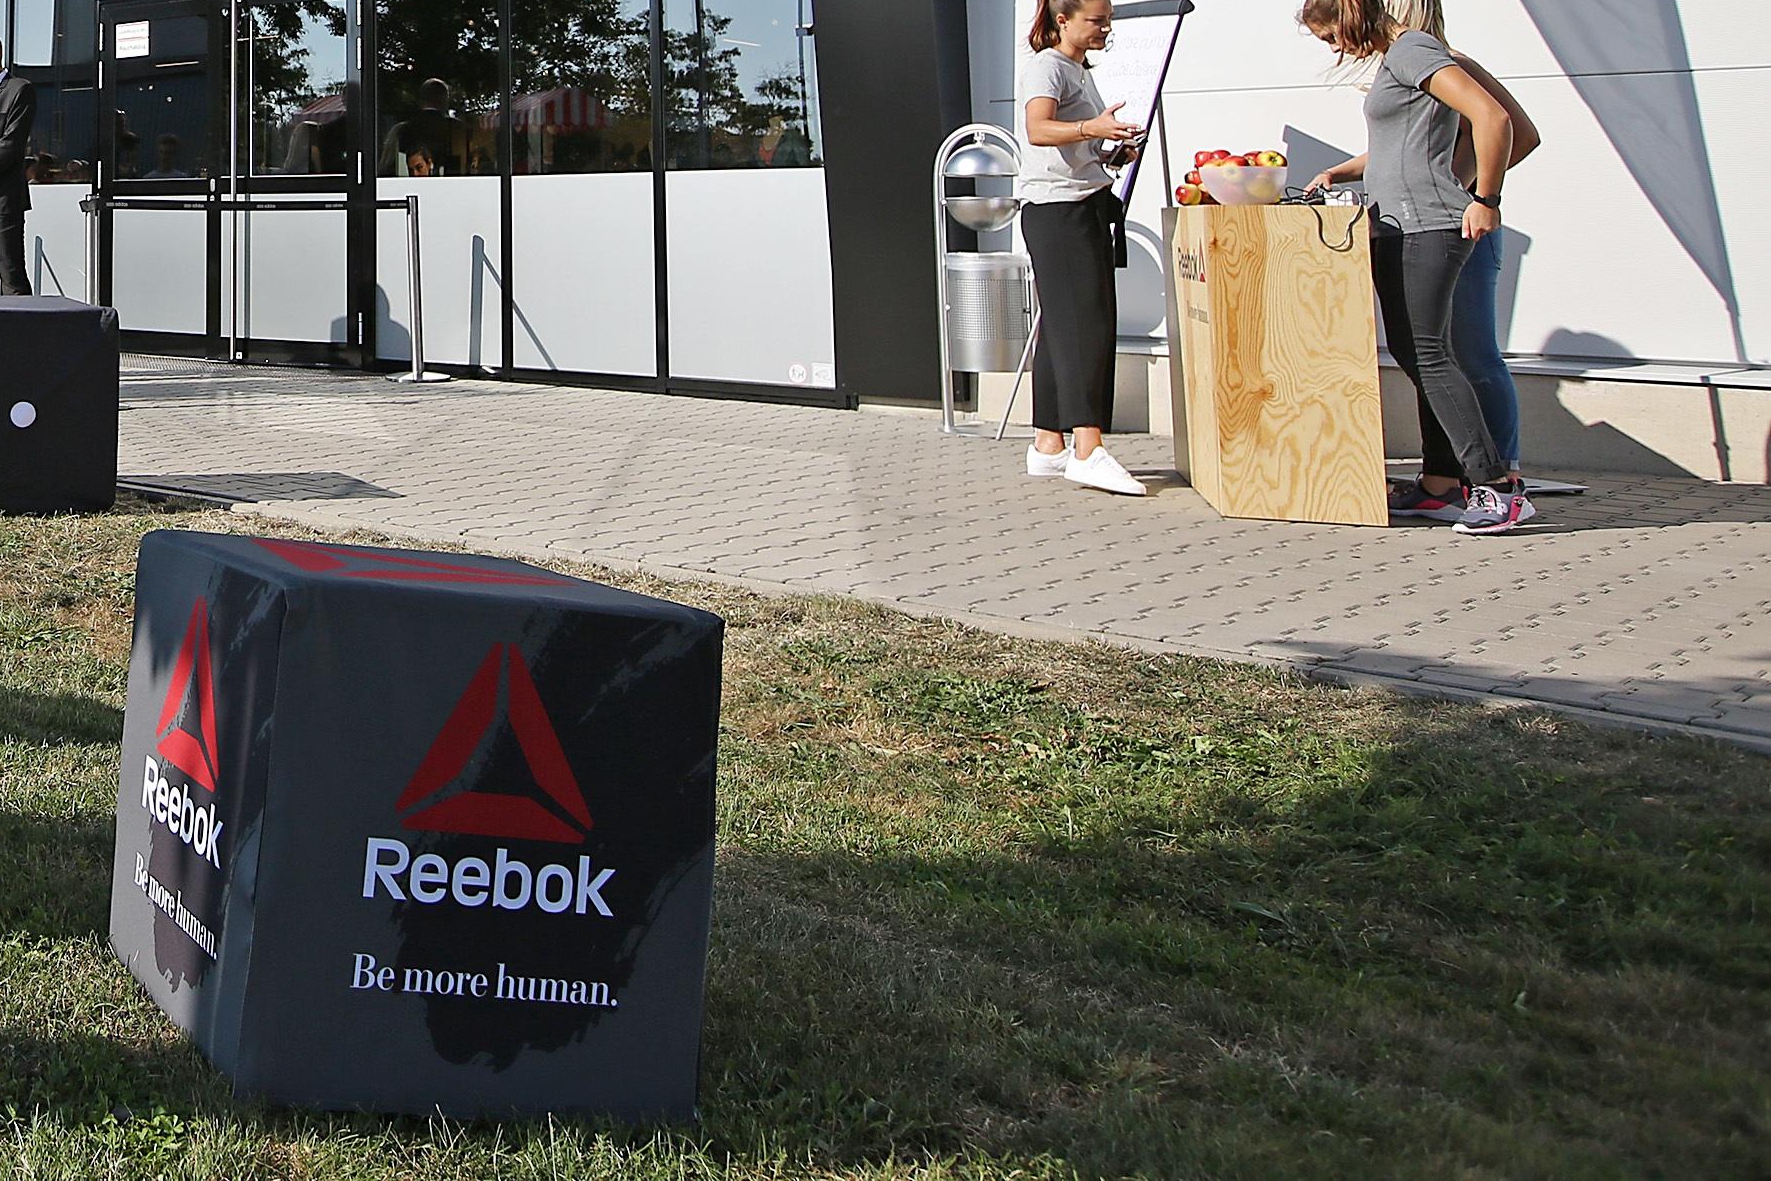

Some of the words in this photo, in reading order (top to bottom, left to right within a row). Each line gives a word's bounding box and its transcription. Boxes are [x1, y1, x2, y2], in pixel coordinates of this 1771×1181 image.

[142, 754, 224, 870] Reebok
[134, 852, 148, 892] Be
[148, 874, 175, 919] more
[175, 890, 218, 960] human.
[362, 837, 617, 916] Reebok
[349, 953, 395, 990] Be
[401, 968, 488, 997] more
[494, 963, 619, 1006] human.
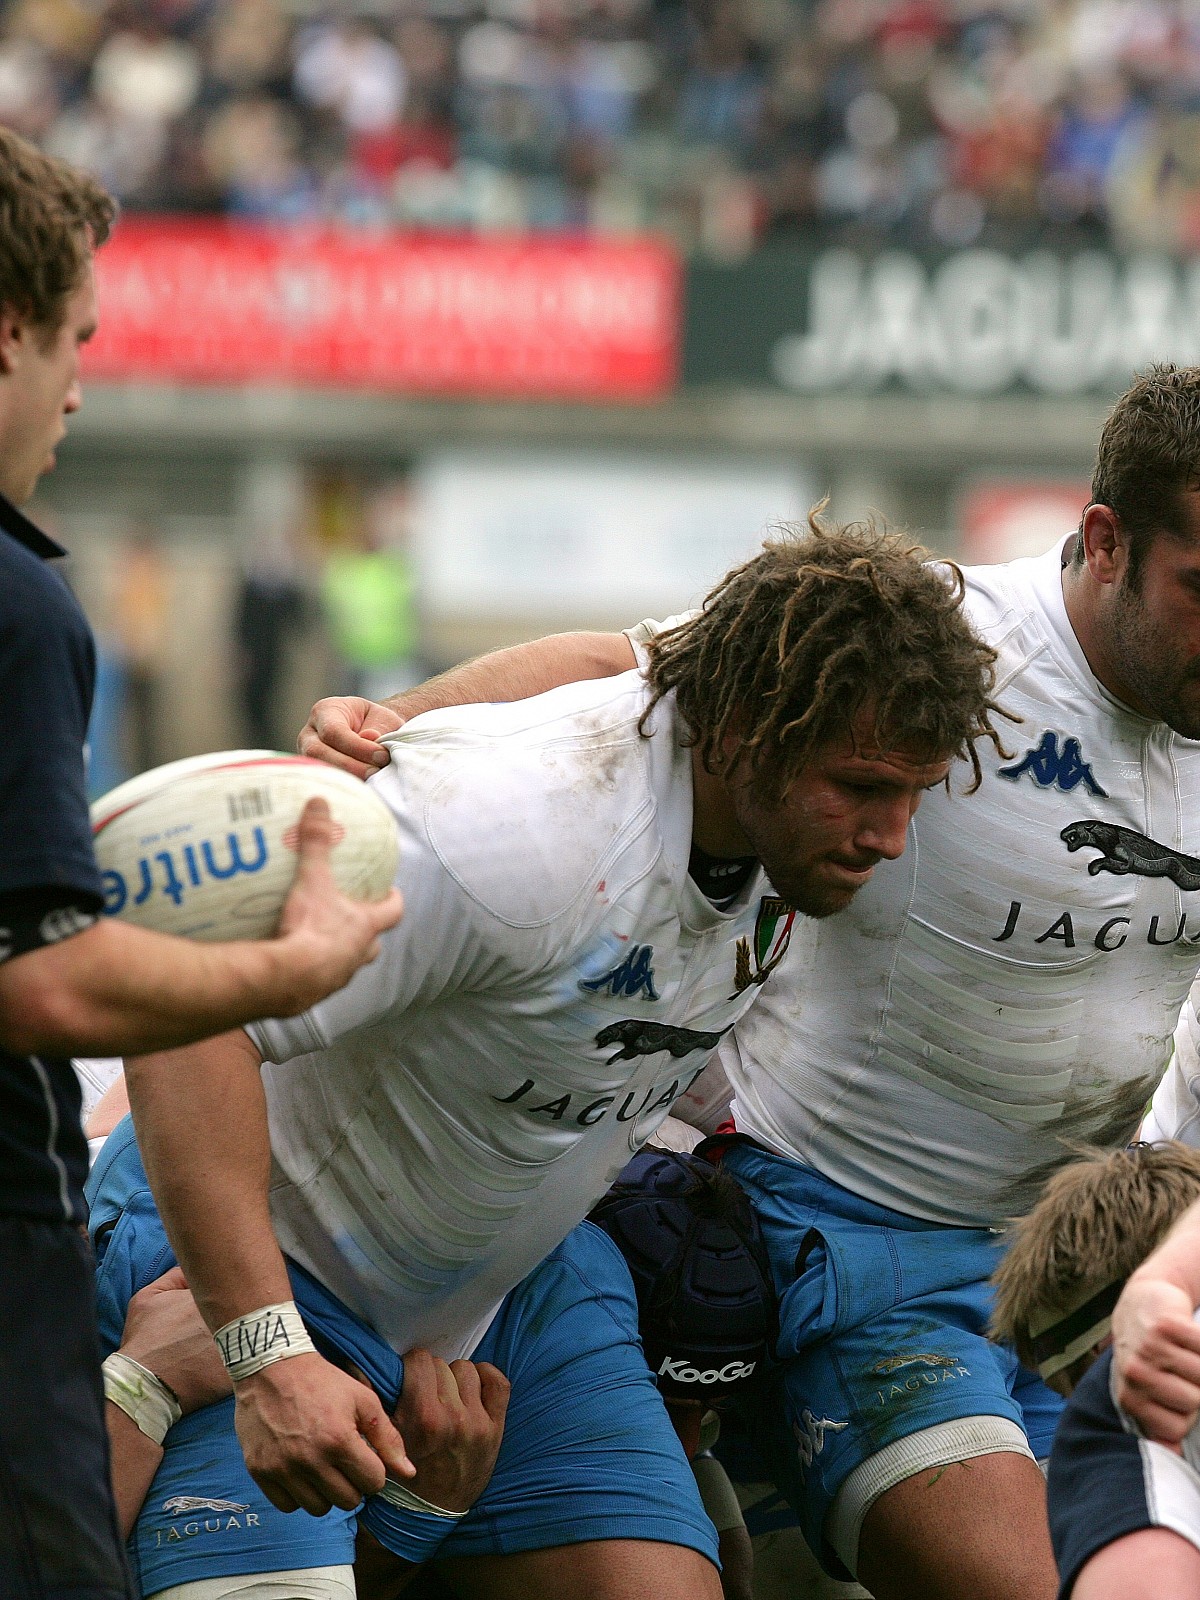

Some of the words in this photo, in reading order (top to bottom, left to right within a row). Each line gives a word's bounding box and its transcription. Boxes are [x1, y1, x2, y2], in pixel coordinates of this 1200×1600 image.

[100, 826, 269, 916] mitre
[492, 1064, 708, 1126] JAGUA
[876, 1365, 973, 1405] JAGUAR
[155, 1512, 261, 1548] JAGUAR

__________

- _PROBLEM TO WORK ON_
Exactly the lines from the one holding "this 1200×1600 image." through the end of the records above are to be returned, and nothing else.

- _THE COMPLETED TASK_
Some of the words in this photo, in reading order (top to bottom, left to right within a row). Each line gives a word's bounding box and its transcription. Boxes are [x1, y1, x2, y2], in pixel coordinates of this 1200×1600 image.

[100, 826, 269, 916] mitre
[492, 1064, 708, 1126] JAGUA
[876, 1365, 973, 1405] JAGUAR
[155, 1512, 261, 1548] JAGUAR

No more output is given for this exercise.